A Senate Intelligence Committee report published last week didn’t find evidence of collusion to influence the election but highlighted unusual contacts between a high-ranking campaign official and someone they describe as a Russian intelligence officer.
While there are no indications Mr. Brennan and Mr. Comey are targets of the Durham probe, former FBI lawyer Kevin Clinesmith pleaded guilty Wednesday to making false statements, admitting that in early 2017 he altered an email to say former Trump campaign aide Carter Page was not a source for the CIA when, in fact, he was.
Mr. Trump fired Mr. Comey in May 2017 and frequently rails against him as crooked, saying he used FBI powers to spy on his campaign.
Speaking to CBS, Mr. Comey defended his agency for looking into Russia’s activities vis-a-vis the Trump campaign, citing the Senate report that detailed frequent communications between ex-campaign chairman Paul Manafort and Konstantin Kilimnik, a Ukrainian businessman who the committee describes as “a Russian intelligence officer.”
“Let that sink in and then ask yourself, so there was nothing to investigate here, as [Attorney General] Bill Barr says, it was a hoax?
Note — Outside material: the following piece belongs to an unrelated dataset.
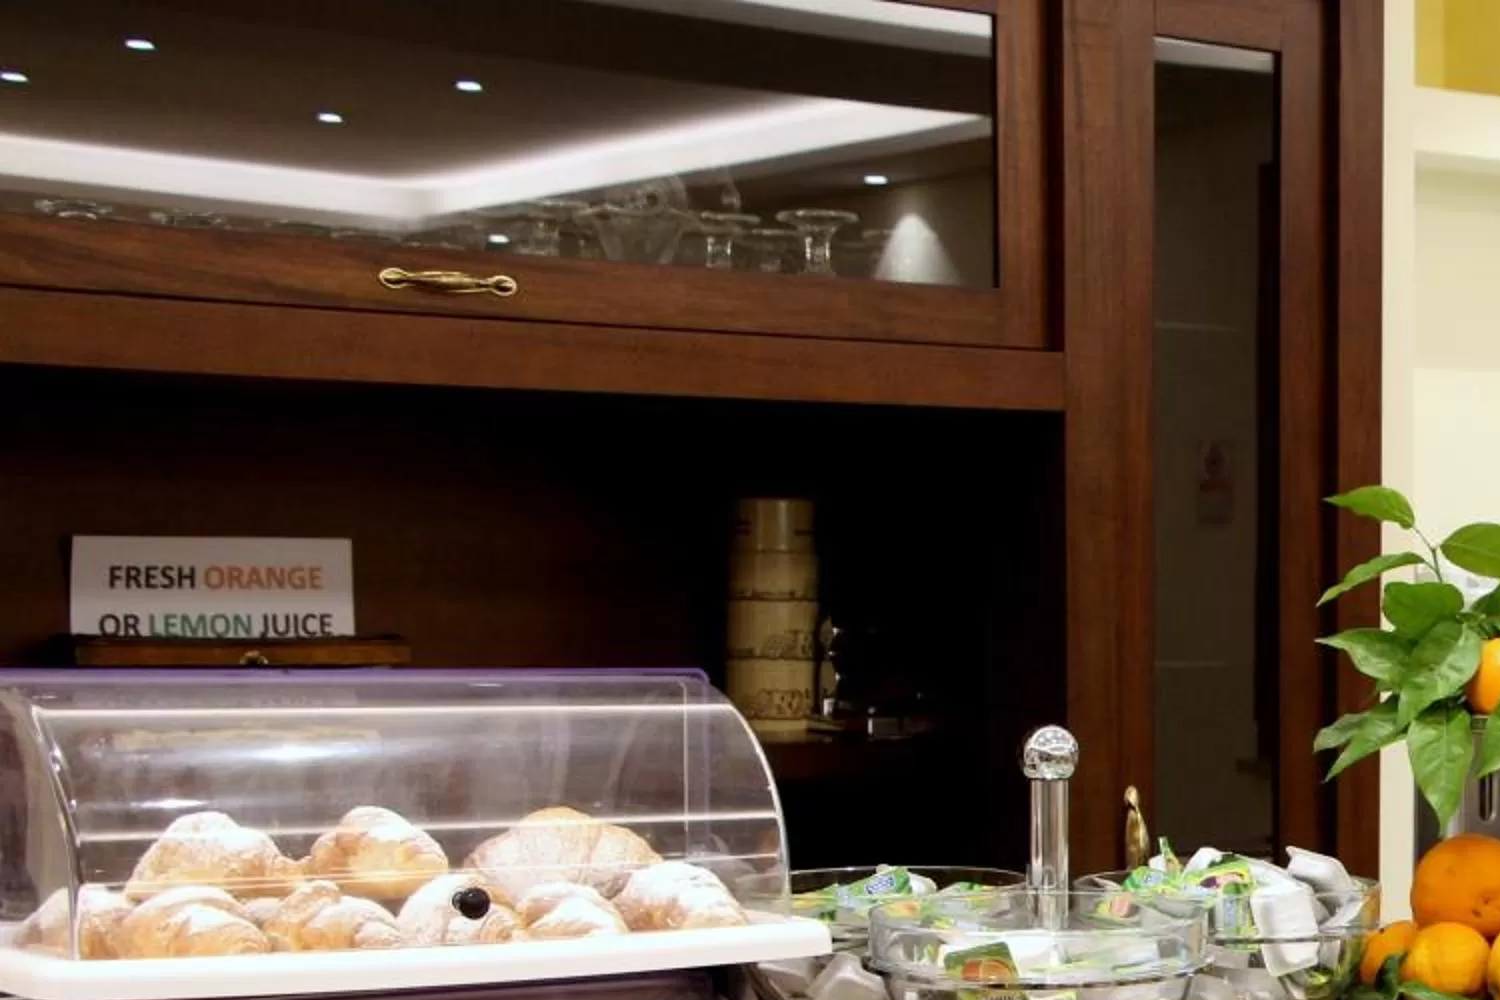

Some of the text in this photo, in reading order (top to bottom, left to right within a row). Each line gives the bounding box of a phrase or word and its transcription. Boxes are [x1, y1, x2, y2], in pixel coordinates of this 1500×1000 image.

[108, 565, 323, 590] FRESH ORANGE
[99, 613, 333, 638] OR LEMON JUICE
The Republicans have exploded that nonsense,” Mr. Comey said, referring to GOP lawmakers who signed off on the intelligence report.
The committee said it was “unable to determine why” Manafort shared sensitive internal polling data and campaign strategy with Mr. Kilimnik, or if Mr. Kilimnik further shared that information.
Sen. Mark Warner, Virginia Democrat, highlighted this portion of the report as the most explosive.
“Maybe one of the most stunning was the level of detail of the then-campaign manager Paul Manafort sharing very specific campaign information with a Russian agent,” Mr. Warner told NBC’s “Meet the Press.” “We’ll never know what the Russians did with that information, but think about that. A campaign manager, sharing with a known Russian agent during the middle of a campaign.”
Mr. Comey, meanwhile, accepted criticism for not taking a more aggressive stance in warning the Democratic National Committee that Russians gained access to their servers. Hacked emails were released by Wikileaks, upending Hillary Clinton’s campaign.
“I think at the time, our folks thought that just telling an institution that the Russians are inside your house was enough,” Mr. Comey said. “But I think part of what may have led to a lack of urgency at the DNC and at the FBI is that nobody anticipated this wasn’t normal intelligence gathering by the Russians, this was an effort to weaponize. And if anybody had seen that, I think they would have yelled a little bit more loudly.”
He also said he regretted becoming involved in the 2016 race — but had no choice — after Mrs. Clinton tweeted a smirk at Mr. Comey’s recently tweeted photo of himself wearing an “Elect More Women” T-shirt.
Clinton supporters blamed her loss in large part on late revelations from the FBI about her use of a private email server for official business and its connection to a probe of ex-Congressman Anthony Weiner.
“We were stuck, and I think we made the right decisions choosing between terrible options,” Mr. Comey said. “And so I wasn’t trying, nor was anybody else in the FBI trying to elect or not elect anyone.”
• Jeff Mordock contributed to this report.